RECORDS FOR THE TASK section start
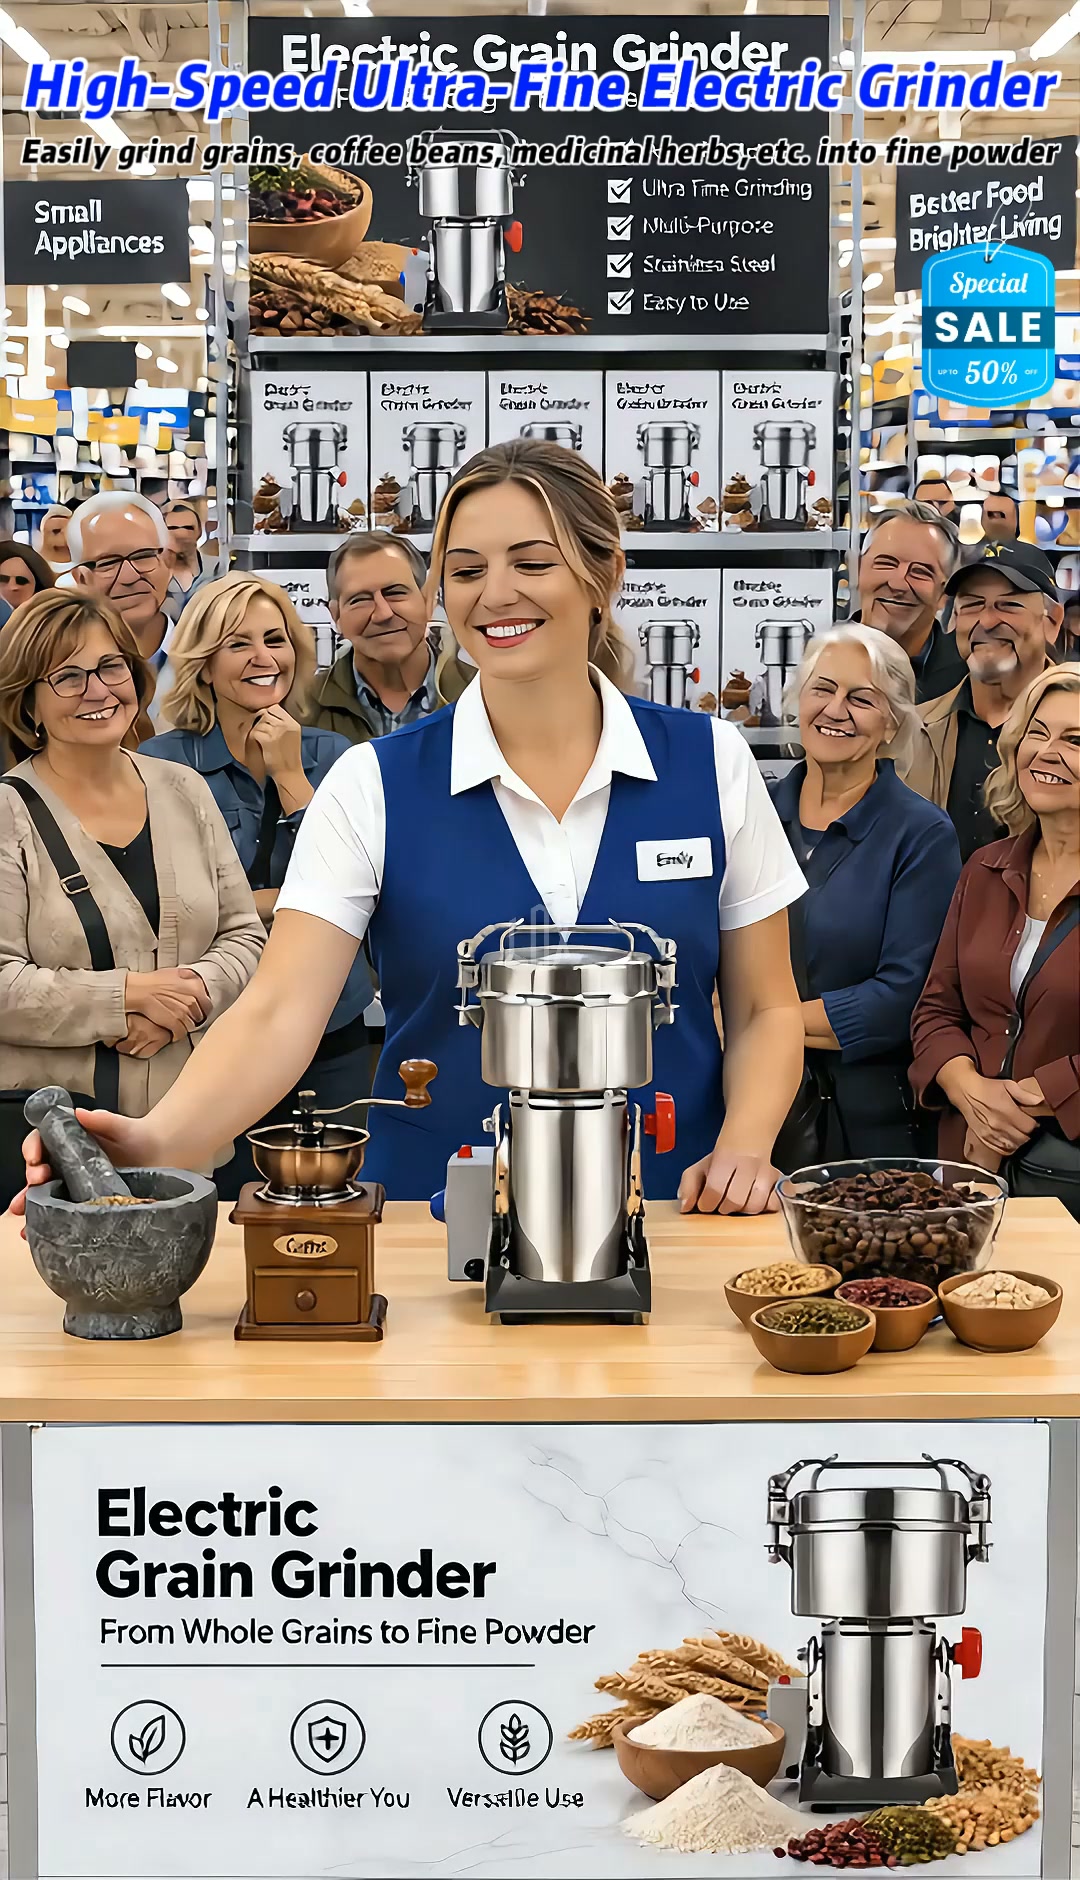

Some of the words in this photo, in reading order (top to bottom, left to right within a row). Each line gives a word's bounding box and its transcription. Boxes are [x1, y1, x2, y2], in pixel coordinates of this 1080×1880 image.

[282, 31, 459, 73] Electric
[473, 31, 598, 72] Grain
[612, 31, 788, 72] Grinder
[986, 175, 1044, 209] Food
[34, 198, 102, 224] Small
[34, 229, 165, 261] Appliances
[97, 1485, 319, 1538] Electric
[95, 1547, 254, 1599] Grain
[271, 1547, 497, 1599] Grinder
[100, 1618, 175, 1645] From
[181, 1618, 274, 1645] Whole
[281, 1618, 373, 1645] Grains
[380, 1619, 410, 1645] to
[417, 1617, 478, 1645] Fine
[485, 1618, 596, 1645] Powder
[85, 1787, 140, 1809] More
[147, 1787, 213, 1809] Flavor
[246, 1787, 265, 1809] A
[268, 1787, 368, 1809] Healthier
[370, 1787, 411, 1809] You
[545, 1787, 585, 1809] Use
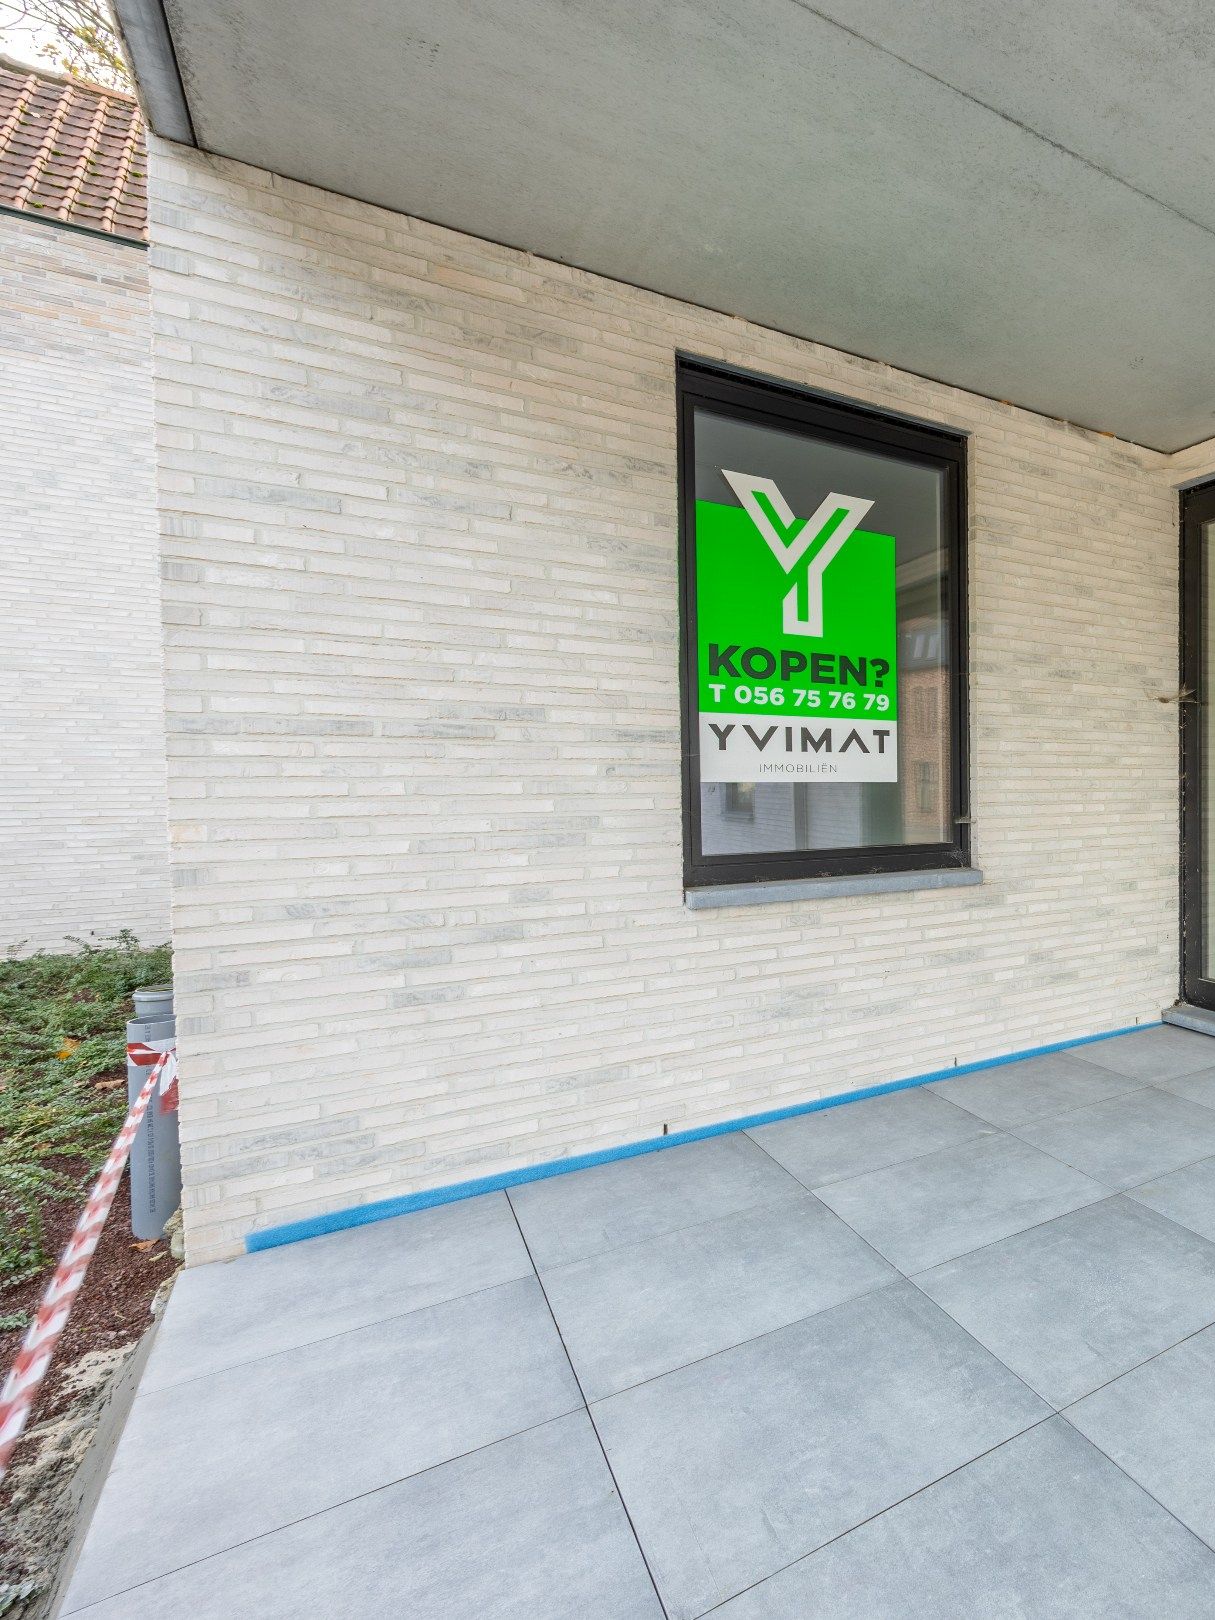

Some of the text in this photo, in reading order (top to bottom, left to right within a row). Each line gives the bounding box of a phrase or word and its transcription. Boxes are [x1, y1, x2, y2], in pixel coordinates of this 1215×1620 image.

[708, 642, 890, 688] KOPEN?
[708, 683, 890, 712] T 056 75 76 79
[708, 723, 891, 754] YVIMAT
[758, 763, 837, 774] IMMOBILIËN
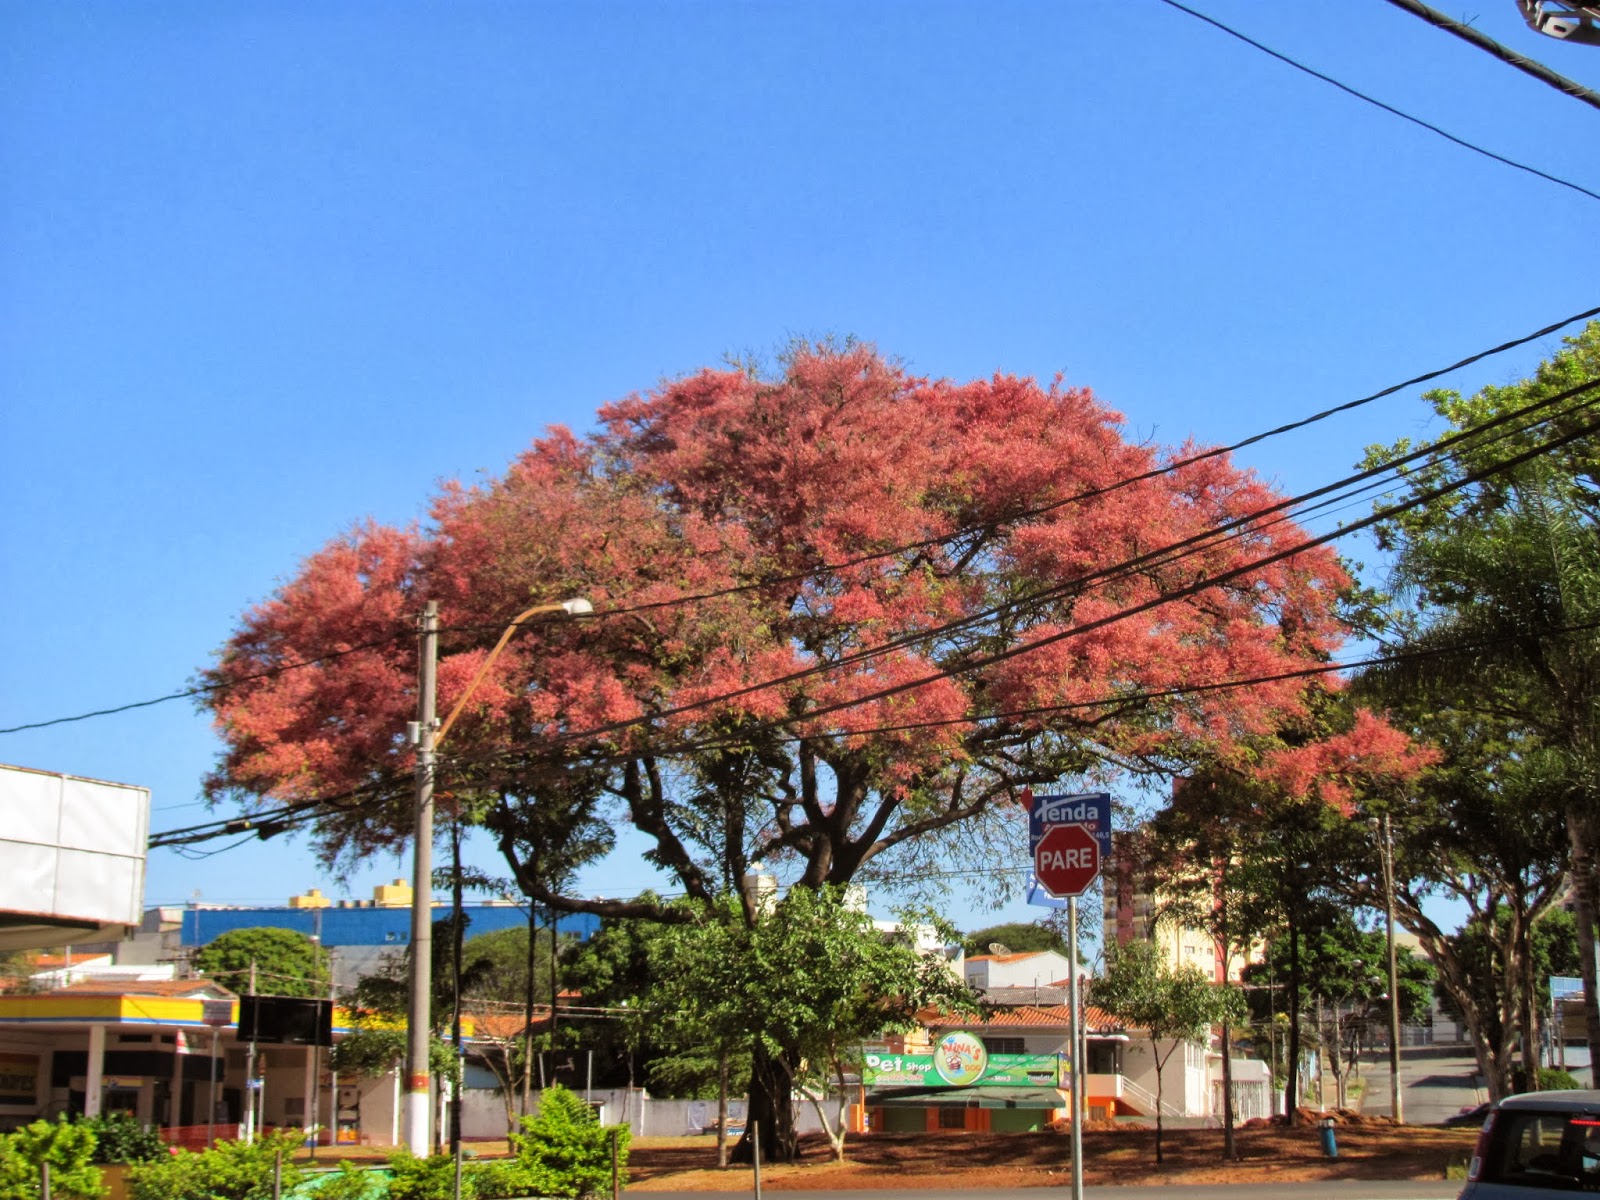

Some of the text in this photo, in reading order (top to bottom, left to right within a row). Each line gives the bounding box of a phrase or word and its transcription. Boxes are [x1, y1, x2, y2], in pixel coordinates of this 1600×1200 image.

[1034, 794, 1100, 822] Tenda
[1040, 847, 1093, 872] PARE
[866, 1055, 932, 1072] Pet Shop
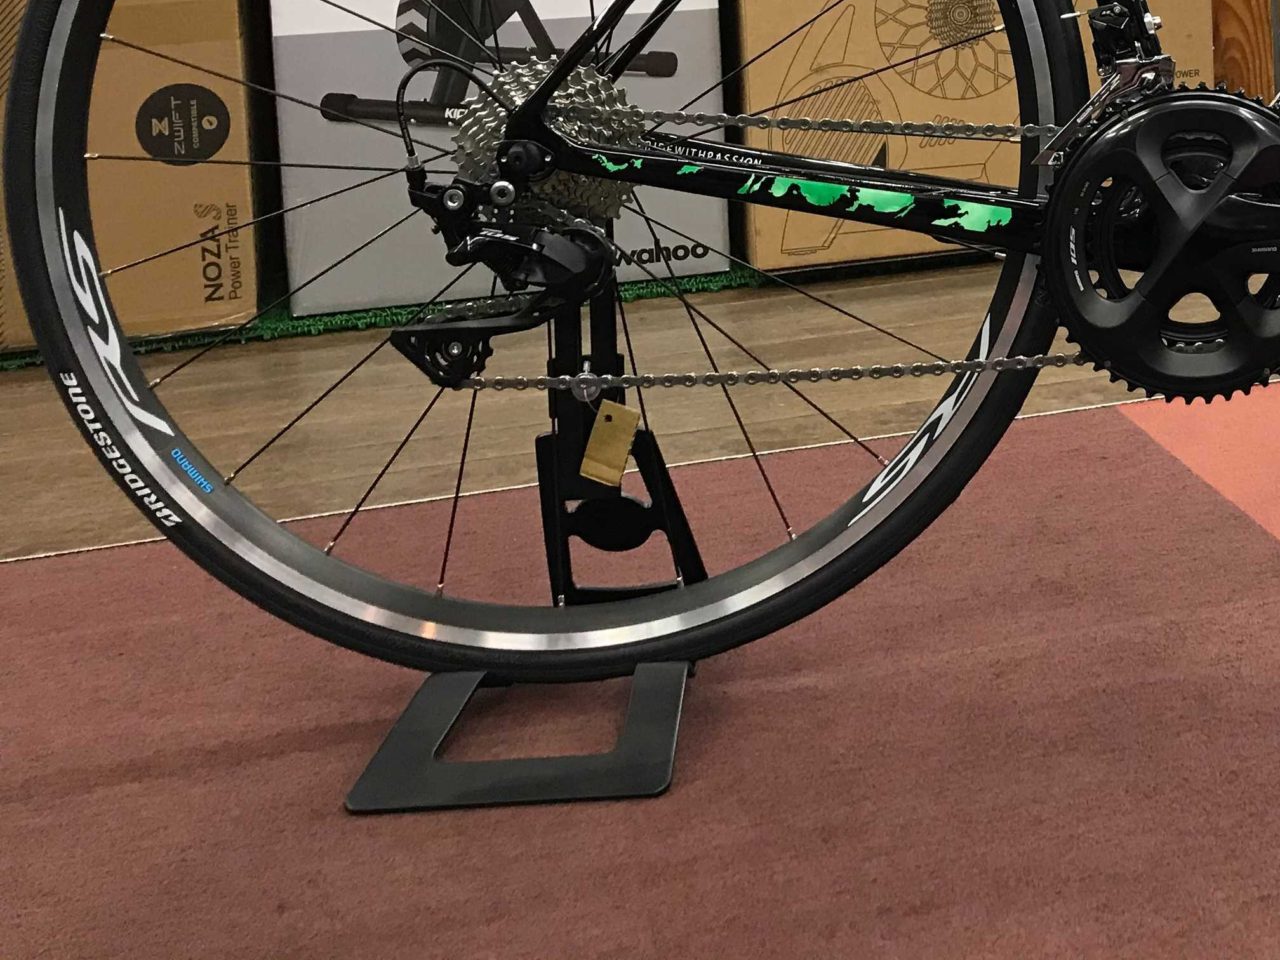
RECORDS FOR THE TASK section end
WHAT YOU NEED TO DO:
Across the whole listing above, repeat each line exactly and leave out the images.

THE COMPLETED TASK:
Some of the words in this photo, in reading order (top to bottom, left to right within a row). Each line gives a word's bounding box and its transcription. Boxes are [x1, y1, x2, y2], in pixel coordinates of this 1080×1880 image.

[282, 31, 459, 73] Electric
[473, 31, 598, 72] Grain
[612, 31, 788, 72] Grinder
[986, 175, 1044, 209] Food
[34, 198, 102, 224] Small
[34, 229, 165, 261] Appliances
[97, 1485, 319, 1538] Electric
[95, 1547, 254, 1599] Grain
[271, 1547, 497, 1599] Grinder
[100, 1618, 175, 1645] From
[181, 1618, 274, 1645] Whole
[281, 1618, 373, 1645] Grains
[380, 1619, 410, 1645] to
[417, 1617, 478, 1645] Fine
[485, 1618, 596, 1645] Powder
[85, 1787, 140, 1809] More
[147, 1787, 213, 1809] Flavor
[246, 1787, 265, 1809] A
[268, 1787, 368, 1809] Healthier
[370, 1787, 411, 1809] You
[545, 1787, 585, 1809] Use

Some of the text in this photo, in reading order (top to bottom, left to right within a row). Each line gives the bounding box of a phrase or word and its transcription. Boxes are [x1, y1, x2, y2], in pixel coordinates of this 1215×1620 image.

[708, 642, 890, 688] KOPEN?
[708, 683, 890, 712] T 056 75 76 79
[708, 723, 891, 754] YVIMAT
[758, 763, 837, 774] IMMOBILIËN

Some of the text in this photo, in reading order (top to bottom, left to right within a row). Each line gives the bounding box of a phrase or word and its transcription. Boxes are [x1, y1, x2, y2], in pixel coordinates of this 1600×1200 image.

[1034, 794, 1100, 822] Tenda
[1040, 847, 1093, 872] PARE
[866, 1055, 932, 1072] Pet Shop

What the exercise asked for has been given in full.